While the Sensex crossed the 67,500 mark for the first time, the Nifty50 ended the session just shy of 20,000. On the penultimate day trading week, the Sensex rose 474 points, or 0.71 per cent, to end the session at 67,572, the Nifty50 jumped 146 points, or 0.74 per cent, to close at 19,979. The 50-share index made an intraday high of 19,992 — almost kissing 20,000 nearly six years after it first topped the 10,000-point milestone.
On a year-to-date basis, the Nifty50 is now up 10.4 per cent. Market participants view the rally as a testament to India's improving fundamentals.
“India appears to be structurally in a very good position, aided by sound fundamentals and multiple reforms underway. Due to this, the Indian market valuation remains high relative to the rest of the world,” said S Naren, executive director and chief investment officer, ICICI Prudential AMC.
The ongoing rally has been driven by foreign investors. In the April-June quarter of the 2023-24 financial year (Q1FY24), they pumped in over Rs 1 trillion into the Indian market. In July so far, they have invested over Rs 40,000 crore.
On Thursday, they were net buyers to the tune of Rs 3,371 crore. On the day, all the sectors, except IT and consumer durables, ended the session in green. Financials, FMCG and pharma were the top gainers with over one per cent gains in sectoral indices of each of these sectors.
Analysts expect the Nifty50 to top the psychological 20,000-mark soon, provided corporate results are in line with expectations. Infosys, which declared its numbers after market close, reported a 10.9 per cent growth in Q1 profits but trimmed its FY24 revenue guidance to 1-3.5 per cent, from 4-7 per cent, amid an increasingly challenging demand environment. Its depository receipts listed in the US fell sharply after the results announcement.

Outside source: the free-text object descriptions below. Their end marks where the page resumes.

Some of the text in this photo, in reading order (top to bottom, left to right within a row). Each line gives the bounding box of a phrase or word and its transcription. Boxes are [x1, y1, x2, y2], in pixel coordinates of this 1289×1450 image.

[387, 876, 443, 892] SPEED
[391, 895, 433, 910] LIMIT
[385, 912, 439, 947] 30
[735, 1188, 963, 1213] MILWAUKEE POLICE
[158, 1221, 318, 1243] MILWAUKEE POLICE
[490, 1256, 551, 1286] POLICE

Shares of ITC rose 2.8 per cent — most among the Sensex and the Nifty50 components — on the buzz around the demerger of its hotel business. ITC’s shares finished at an all-time-high of Rs 492, making it only the seventh Indian company to cross the Rs 6 trillion market capitalisation level.
Kotak Mahindra Bank and ICICI Bank were among the top gainers. On the other hand, Ultra Tech, HCLTech and Bajaj Finserv were the other losers.

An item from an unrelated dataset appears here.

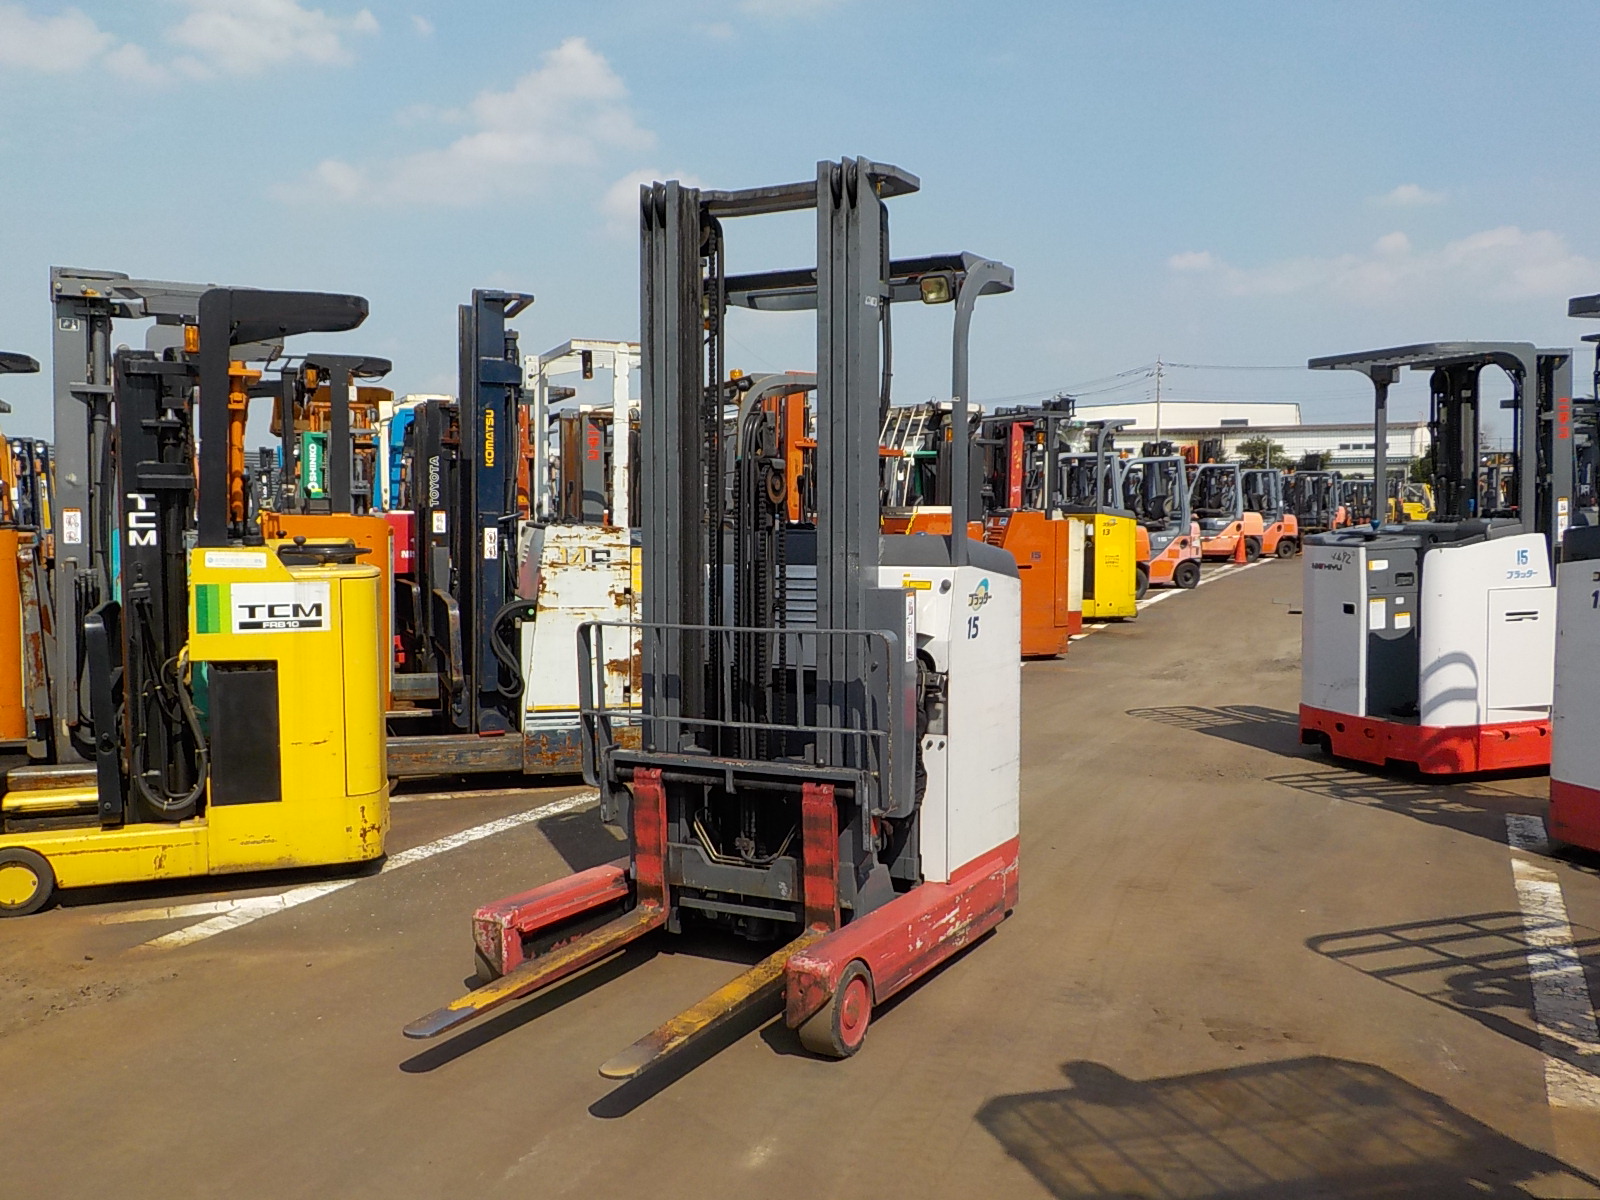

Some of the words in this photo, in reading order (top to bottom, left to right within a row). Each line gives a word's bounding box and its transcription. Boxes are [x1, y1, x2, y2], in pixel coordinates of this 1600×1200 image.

Reliance Industries’ first quarter result will be declared on Friday. Its stock rose over a per cent on the back of higher than expected valuations assigned by the market for its financial services spinoff.
“Nifty50 should most likely cross the 20,000 mark on Friday, given the ongoing momentum and clear strength visible in the market. Strong heavy weights results are likely to further influence the market direction in the near term. Investors eagerly await Reliance Q1 results, which will be announced on Friday, and management commentaries on the same — along with further details on Jio Financial Services listing,” said Siddhartha Khemka, head, retail research, Motilal Oswal Financial Services.